Les marrons, anciens fruits des Apennins, sont bien différents des châtaignes. Le marron est caractérisé par un goût plus doux et parfumé, il est généralement plus gros que la châtaigne et son fruit est protégé par une coque marron clair (d’où le nom « blond ») et par une seconde peau très fine et facile à enlever, contrairement aux châtaignes. Dans la culture du marron blond, on n’utilisait aucune substance chimique : pas d’engrais ou de traitements antiparasitaires. Il s’agit donc d’un produit sain, facile à digérer, jouissant d’une valeur nutritive et calorique élevée. De plus, il est riche en amidons et sucres complexes et, donc, il est indiqué pour les jeunes sportifs et les personnes âgées.

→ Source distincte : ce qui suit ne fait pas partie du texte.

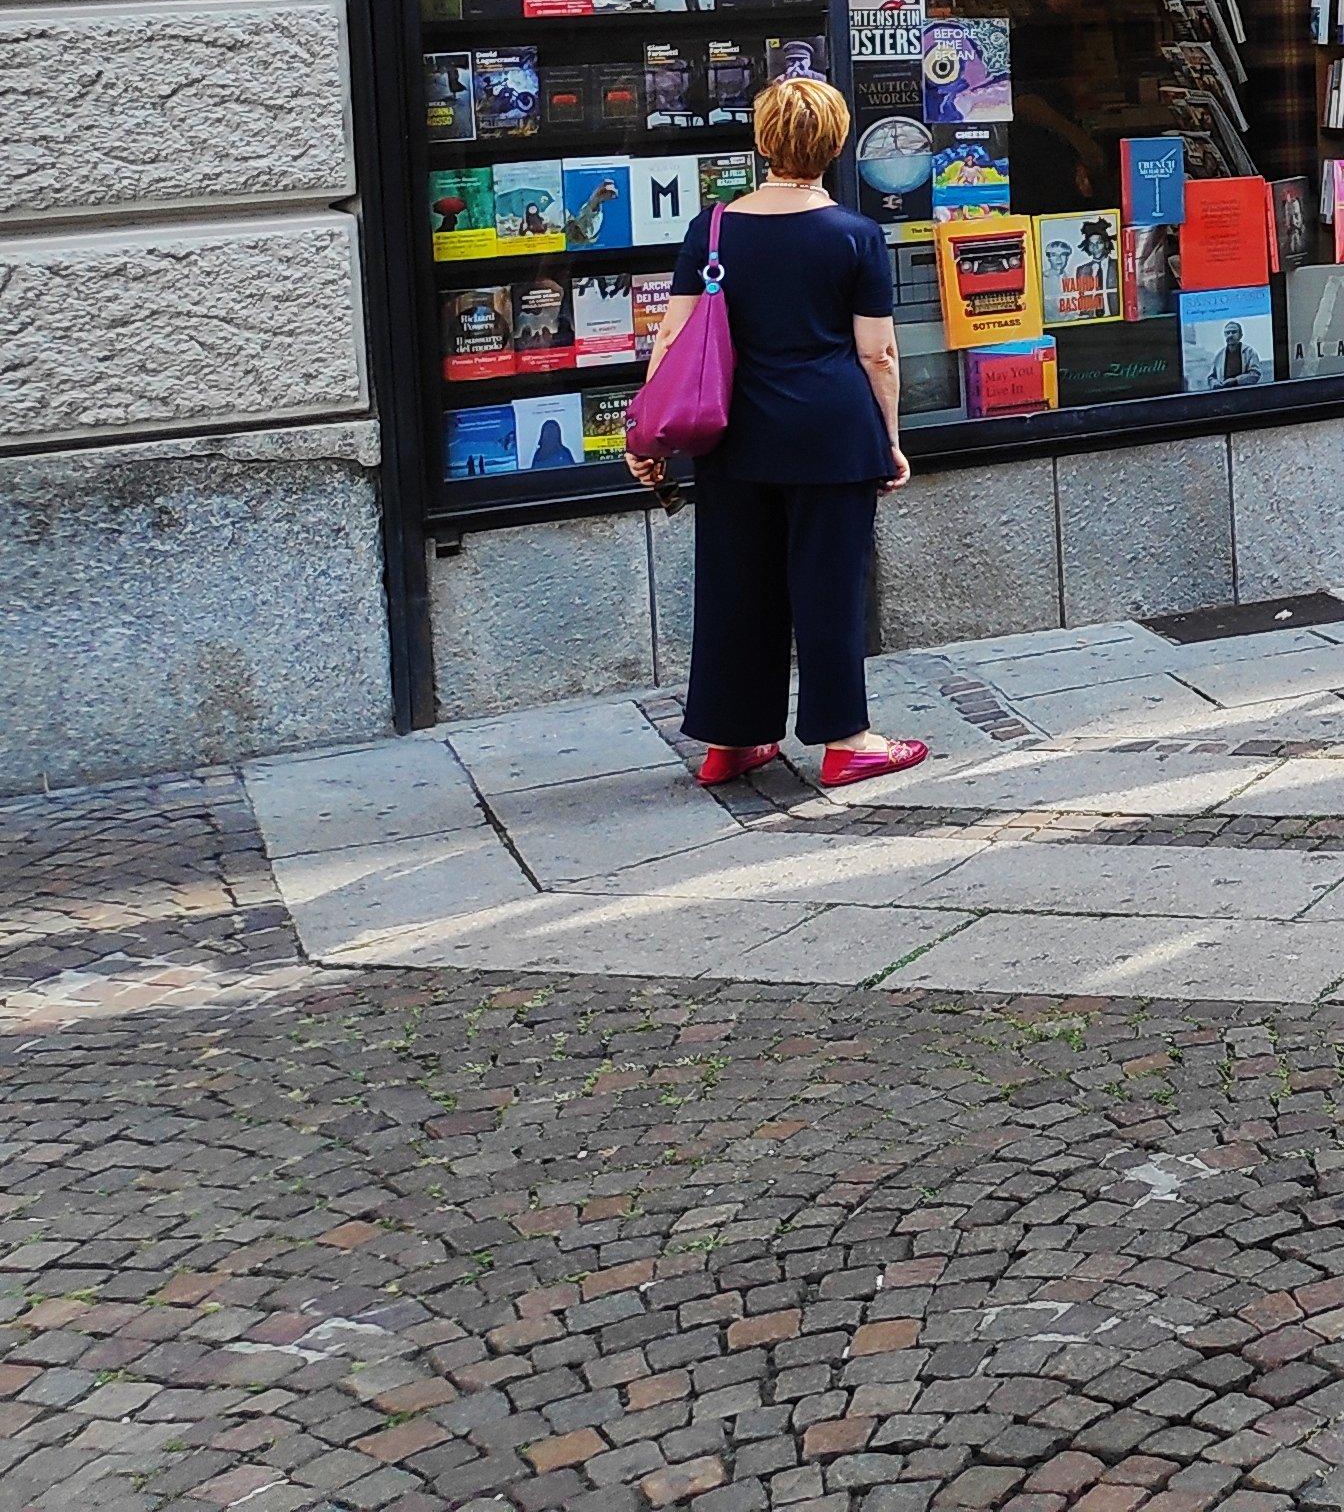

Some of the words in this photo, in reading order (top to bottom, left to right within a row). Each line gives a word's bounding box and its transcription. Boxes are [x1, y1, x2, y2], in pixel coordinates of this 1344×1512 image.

[934, 28, 977, 39] BEFORE
[935, 39, 963, 50] TIME
[935, 49, 976, 61] BEGAN
[868, 91, 920, 105] WORKS
[650, 174, 680, 219] M
[636, 293, 651, 303] DEI
[1010, 364, 1034, 378] You
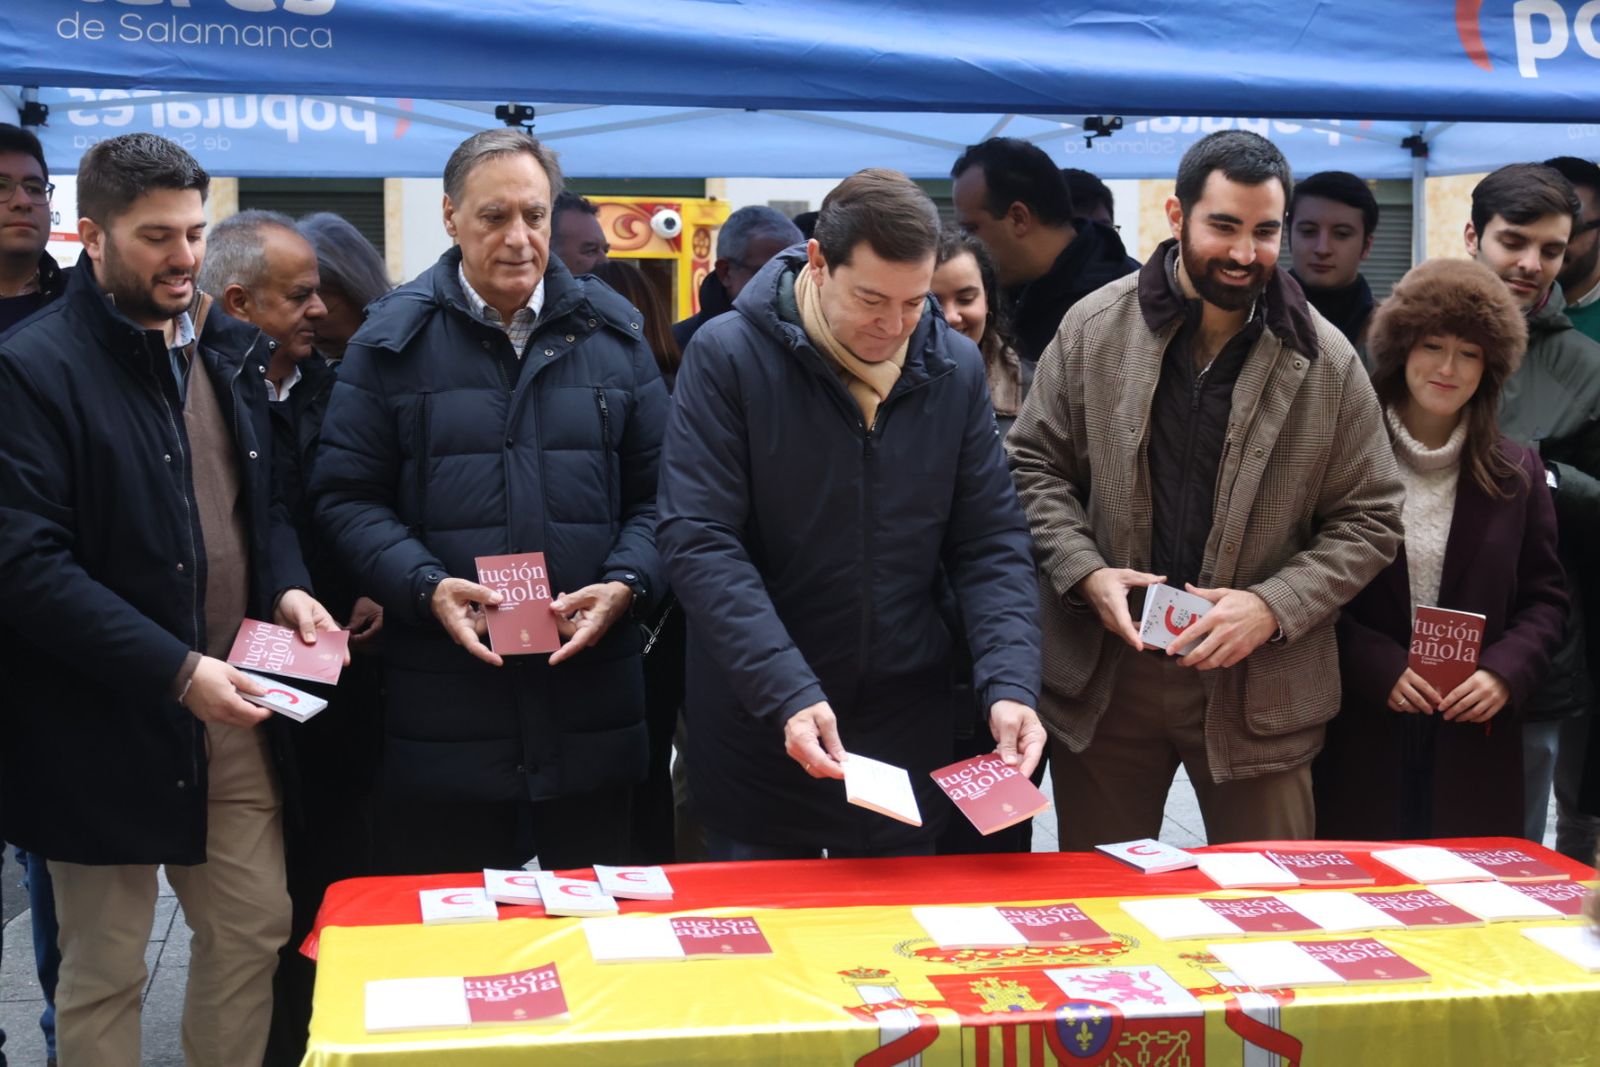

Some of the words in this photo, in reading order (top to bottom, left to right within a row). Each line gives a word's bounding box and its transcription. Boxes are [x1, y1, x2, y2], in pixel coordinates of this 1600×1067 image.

[56, 10, 105, 40] de
[118, 12, 334, 48] Salamanca
[479, 562, 545, 584] tución
[494, 580, 550, 603] ñola
[242, 623, 273, 666] tución
[1414, 618, 1480, 643] tución
[262, 628, 295, 672] añola
[1410, 636, 1476, 663] añola
[936, 759, 1006, 788] tución
[949, 766, 1019, 801] añola
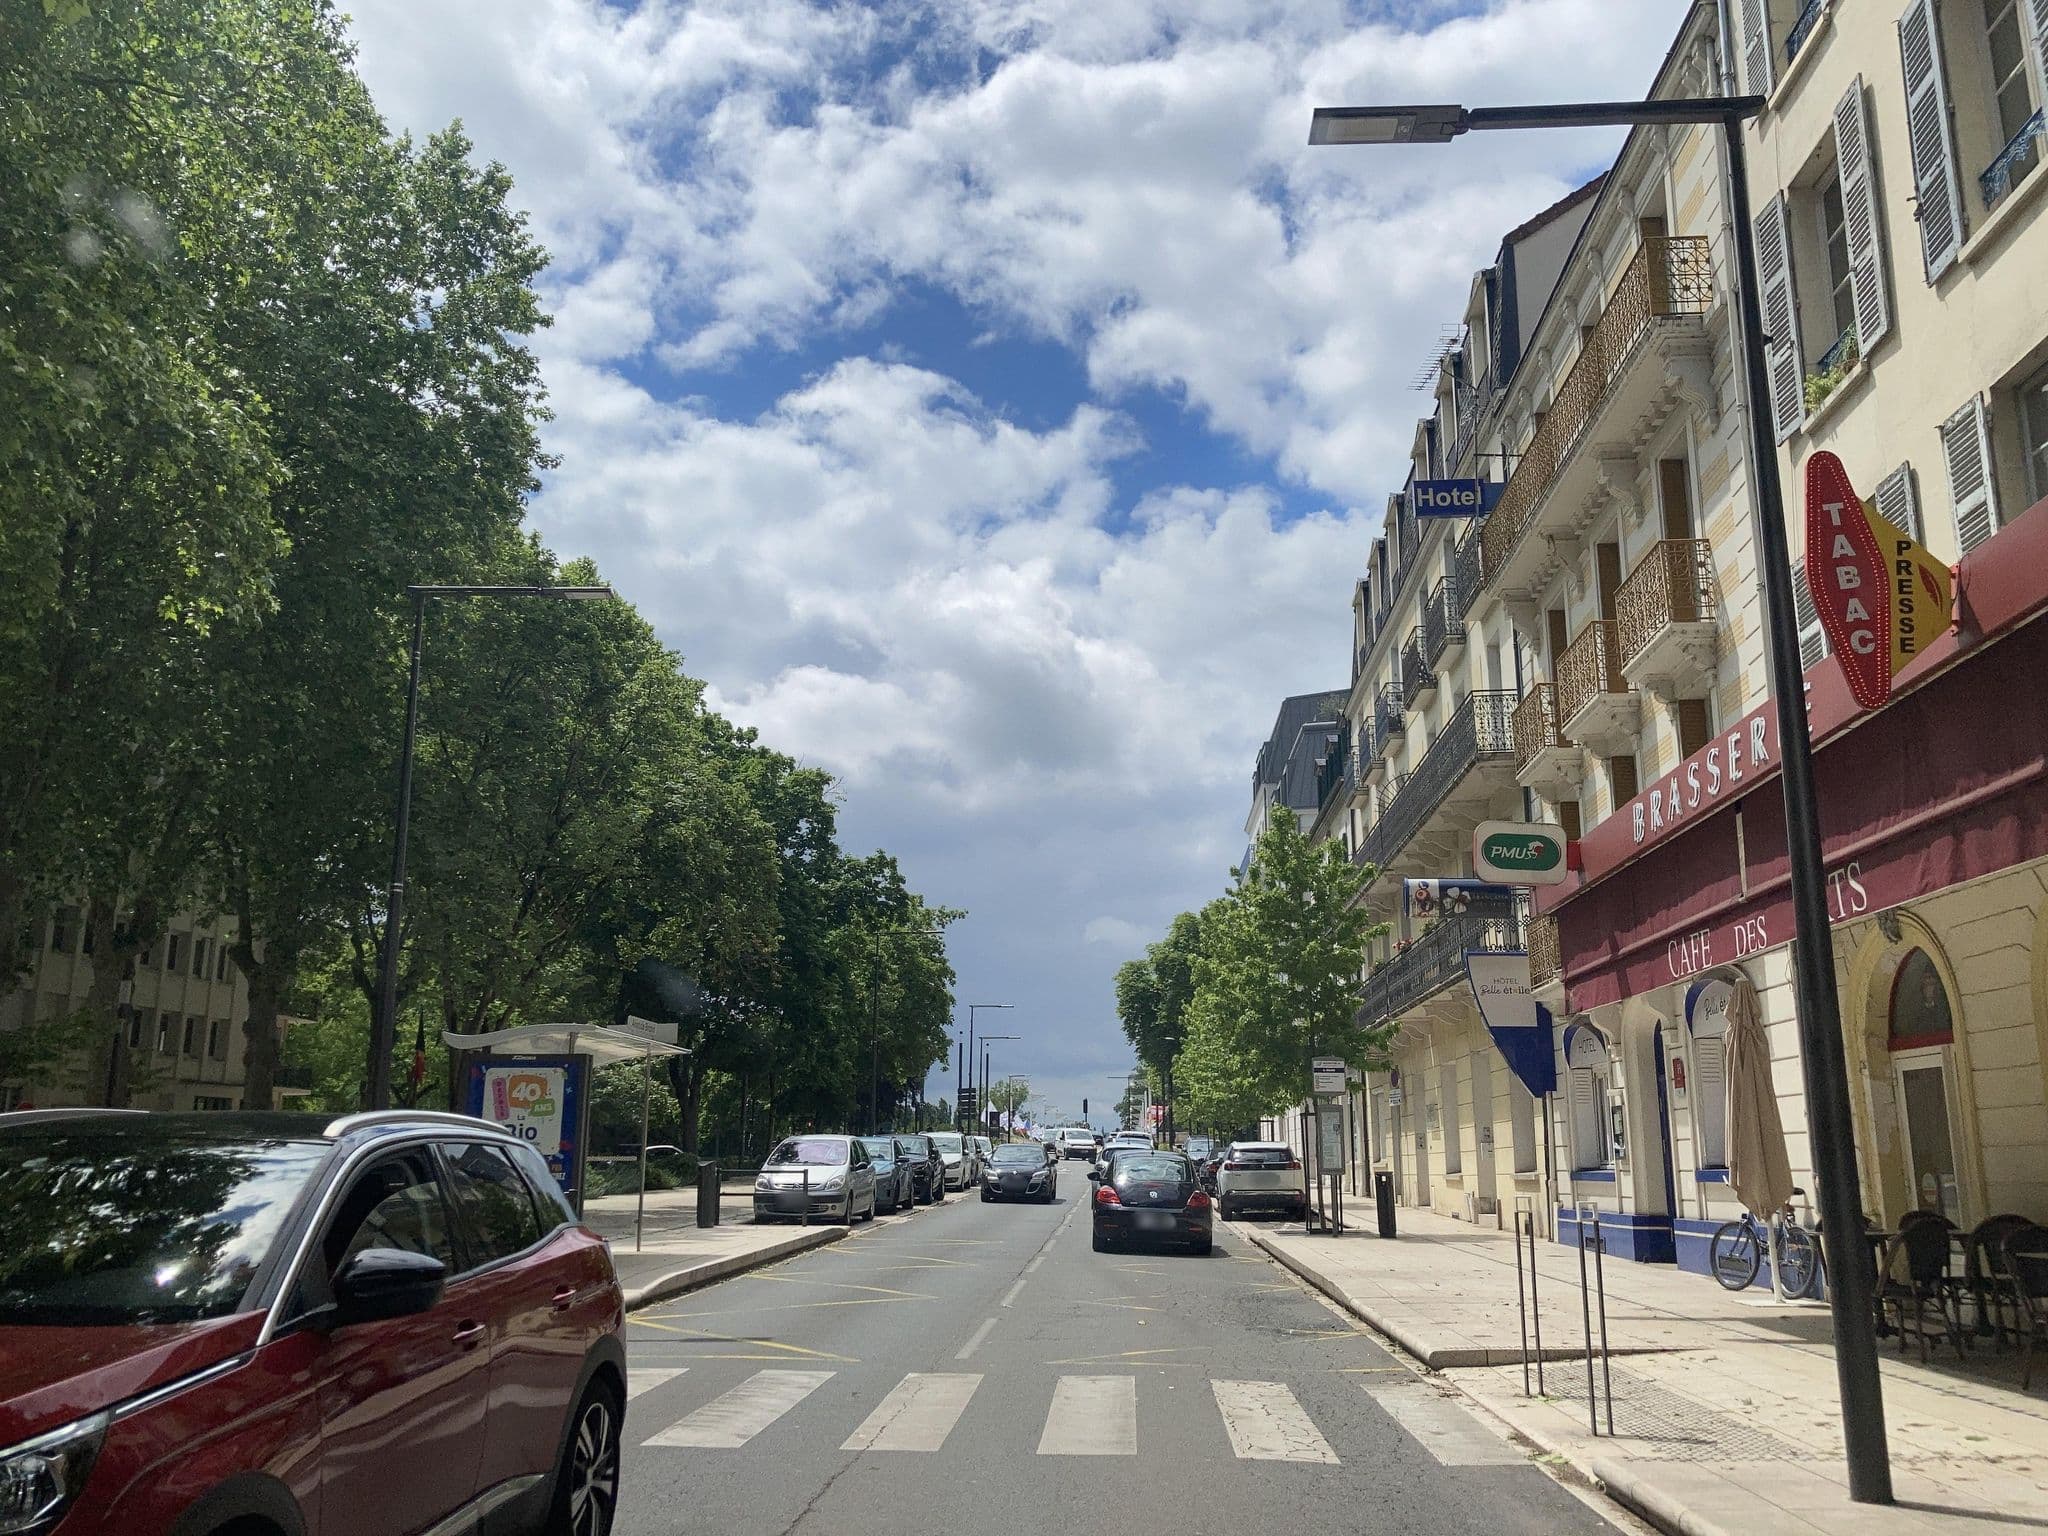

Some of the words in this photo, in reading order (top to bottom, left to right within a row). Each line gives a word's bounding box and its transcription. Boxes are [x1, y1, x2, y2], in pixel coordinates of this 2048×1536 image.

[1416, 486, 1482, 507] Hotel
[1822, 502, 1876, 655] TABAC
[1896, 540, 1916, 654] PRESSE
[1632, 681, 1813, 843] BRASSER
[1490, 845, 1527, 860] PMU
[1667, 928, 1713, 979] CAFE
[1734, 915, 1768, 958] DES
[1827, 862, 1868, 922] TS
[1479, 984, 1502, 996] Belle
[511, 1081, 542, 1102] 40
[534, 1103, 553, 1112] ANS
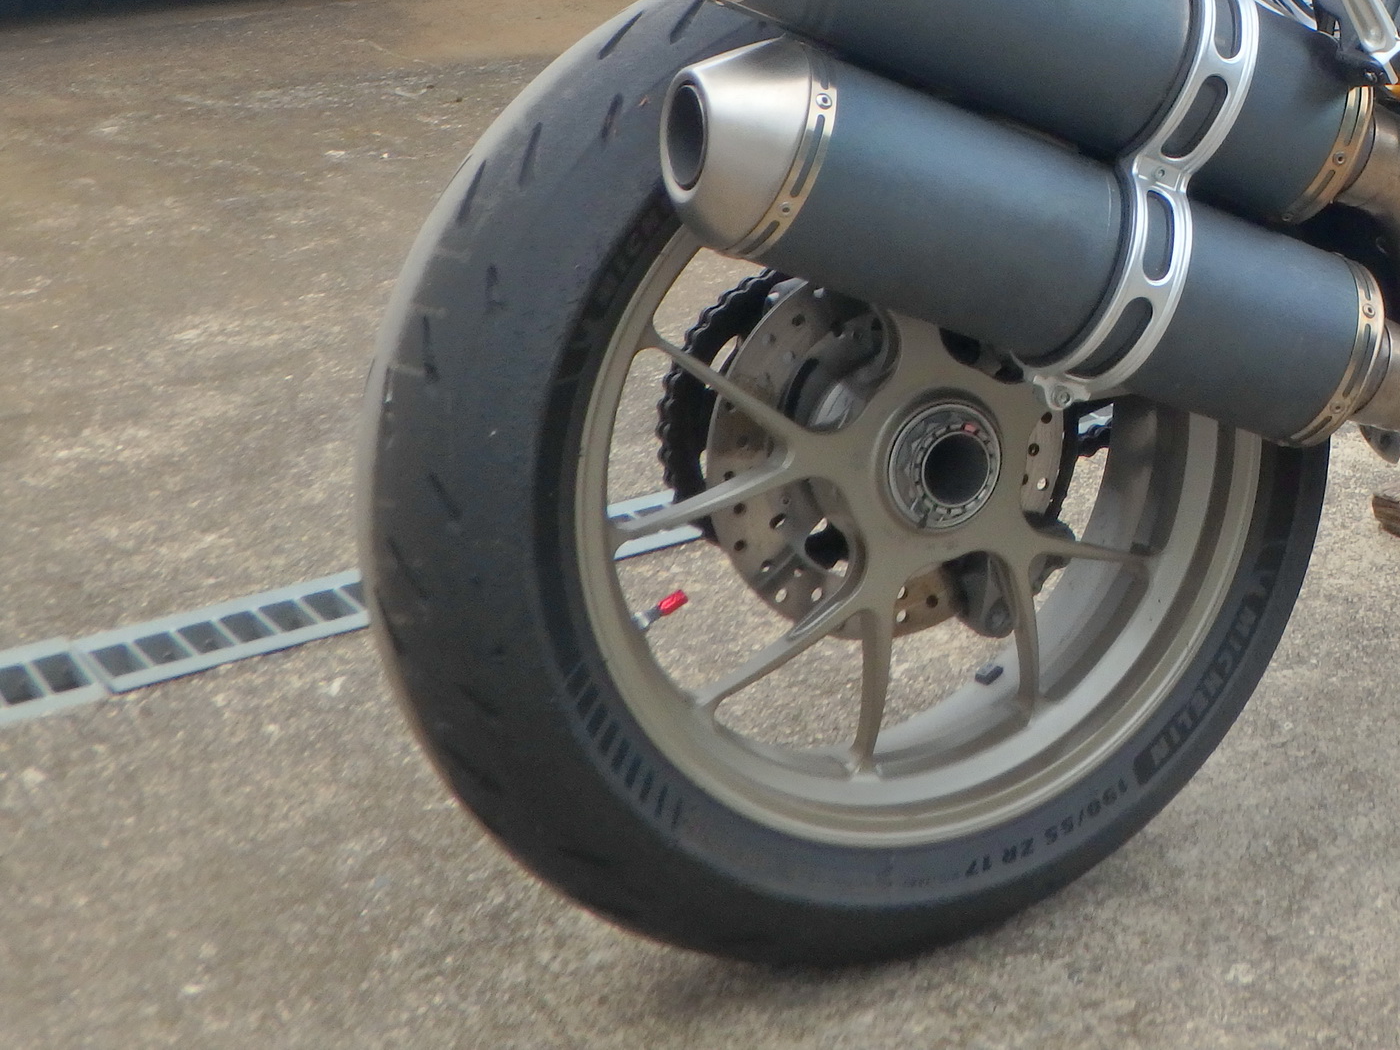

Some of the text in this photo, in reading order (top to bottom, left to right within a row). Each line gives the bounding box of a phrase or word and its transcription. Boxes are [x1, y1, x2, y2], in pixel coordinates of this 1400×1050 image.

Sa forte teneur en sels minéraux, comme le phosphore et le magnésium, apporte à notre organisme la juste dose d’oligoéléments essentiels et fait du marron blond un véritable complément alimentaire, en mesure de favoriser le bon fonctionnement de l’appareil cardiovasculaire et neuromusculaire, en augmentant ainsi la résistance à la fatigue. En outre, peu de gens savent que, grâce à l’absence de gluten, le marron et la châtaigne sont des aliments parfaits pour les personnes atteintes de maladie cœliaque.

Le marron en cuisine

En cuisine, le marron se prête à de nombreuses préparations : entrées, pâtes, viandes, desserts, crèmes et confitures. Nombreux sont les secrets et les astuces pour en rendre les préparations plus simples et savoureuses. Les châtaignes et les marrons doivent leur succès à leur facilité de conservation, qui en a fait une précieuse monnaie d’échange. Les marrons sont les plus parfumés en automne mais, grâce à l’expérience des populations de montagne, on peut en conserver la qualité et le goût jusqu’au printemps. Il suffit de les immerger pendant quelques jours dans l’eau, de façon à en stimuler une faible fermentation. Ensuite, on les fait sécher dans un endroit bien aéré avant de les ranger dans des filets.